Ampas tebu juga berpotensi untuk dimanfaatkan sebagai sumber pakan ternak berserat.
Akan tetapi, untuk dapat digunakan sebagai pakan ternak berserat ampas tebu harus
mengalami perlakuan fisik dan biologis terlebih dahulu karena tekstur ampas tebu yang keras,
nilai gizi yang rendah dan rendahnya kecernaan oleh hewan ternak karena adanya ikatan
lignin dengan selulosa dan hemiselulosa, sehingga perlu dilakukan pemecahan ikatan lignin
selulosa dan hemiselulosa pada ampas tebu. Pemasakan ampas tebu dengan kadar air 30%
pada tekanan 1,5 kg/cm2 menggunakan autoclave dan fermentasi menggunakan starter
berupa kapang T. viride mampu menurunkan kadar serat dinding sel (NDF/Neutral Detergent
Fiber) dan kadar selulosa pada ampas tebu sehingga sesuai digunakan sebagai pakan ternak
berserat (Christiyanto dan Subrata, 2005).
Ampas tebu memiliki kadar pentosan cukup tinggi, yaitu sebesar 18,86% (dengan kadar
air sebesar 6,76%) (Andaka, 2011), sehingga memungkinkan ampas tebu untuk diolah
menjadi furfural.
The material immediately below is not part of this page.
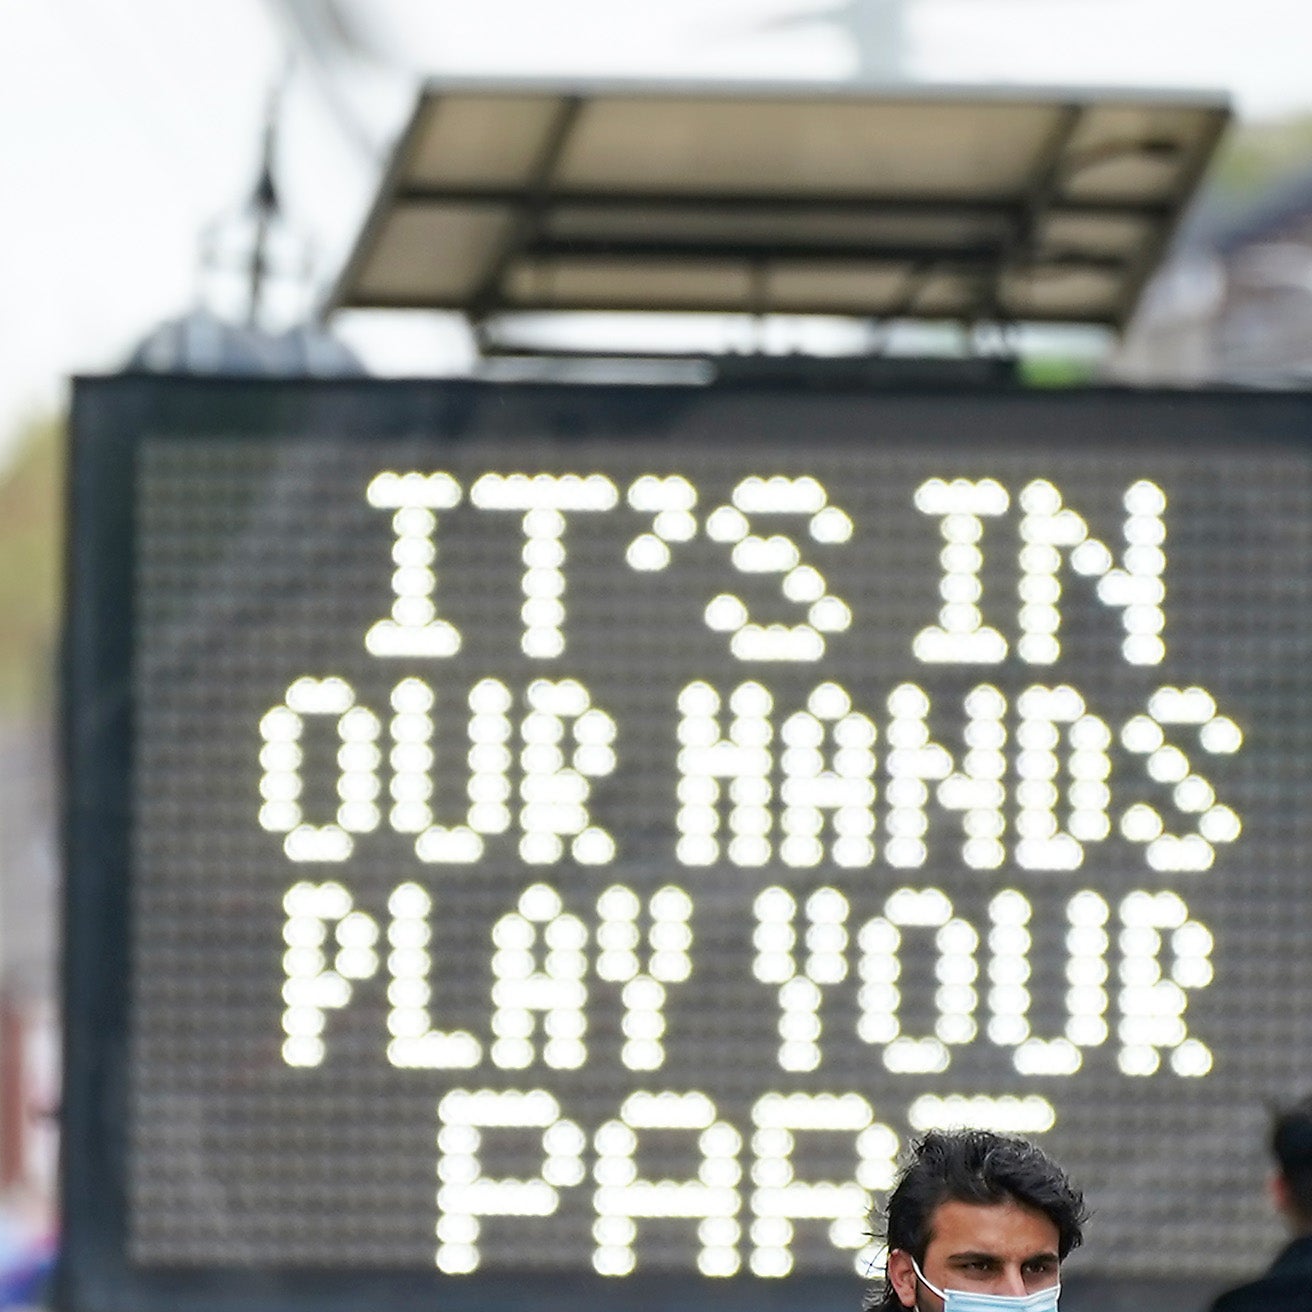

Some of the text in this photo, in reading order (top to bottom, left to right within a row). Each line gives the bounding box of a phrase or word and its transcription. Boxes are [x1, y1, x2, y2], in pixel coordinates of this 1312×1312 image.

[364, 470, 1167, 666] IT'S IN
[257, 675, 1243, 873] OUR HANDS
[279, 881, 1214, 1078] PLAY YOUR
Hasil studi menunjukkan yield furfural mencapai titik maksimum pada suhu
100 oC sebesar 5,07% dan yield furfural mencapai titik optimum pada waktu reaksi hidrolisis
selama 120 menit sebesar 5,67%.
Furfural memiliki aplikasi cukup luas dalam berbagai industri, seperti pengolahan
minyak bumi, pembuatan nilon, pelapisan, farmasi, dan serat sintetik (Wijanarko et al., 2006)
dan dapat disintesis menjadi turunan-turunannya seperti furfuril alkohol, furan, dan lain-lain.
Saat ini seluruh kebutuhan furfural dalam negeri diperoleh melalui impor. Impor furfural
terbesar diperoleh dari Cina yang saat ini menguasai 72% pasar furfural dunia.
Berdasarkan analisis pasar dalam negeri studi Wijanarko et al. (2006) menunjukkan
kebutuhan membangun pabrik furfural dengan kapasitas sebesar 510 ton/tahun. Dari hasil
perhitungan ekonomi, untuk mendirikan pabrik furfural ini diperlukan total investasi kurang
lebih sebesar US$ 4,7 juta dengan biaya manufaktur sebesar US$ 1,1 juta. Nilai Net Present
Value (NPV) adalah sekitar sebesar US$ 3,3 juta, tingkat pengembalian internal/internal rate
of return (IRR) sebesar 12,3%, dengan waktu pengembalian kurang lebih selama 3 tahun 9
bulan.
Ampas tebu dapat juga dimanfaatkan menjadi kanvas rem (brake pad). Berdasarkan
riset yang dilakukan selama tiga tahun (1999-2002), PT PG Rajawali II menemukan bahwa
ampas tebu merupakan bahan yang lebih baik dibandingkan jerami atau jagung, untuk
menggantikan asbes. Pemanfaatan ampas tebu dalam pembuatan kanvas rem meningkatkan
nilai ekonomi ampas tebu dibandingkan ketika ampas tebu tersebut dijadikan bahan bakar
yang hanya bernilai Rp50/kg. Pengolahan ampas tebu menjadi kampas rem dilakukan PT Inti
Bagas Perkasa yang merupakan anak perusahaan PT PG Rajawali II. Sumber bahan baku
adalah tebu dari lahan sendiri (HGU) seluas 12 ribu hektar dan tebu dari petani di sekitar
wilayah Jawa Barat dan Jawa Tengah (PT Rajawali Nusantara Indonesia, 2014).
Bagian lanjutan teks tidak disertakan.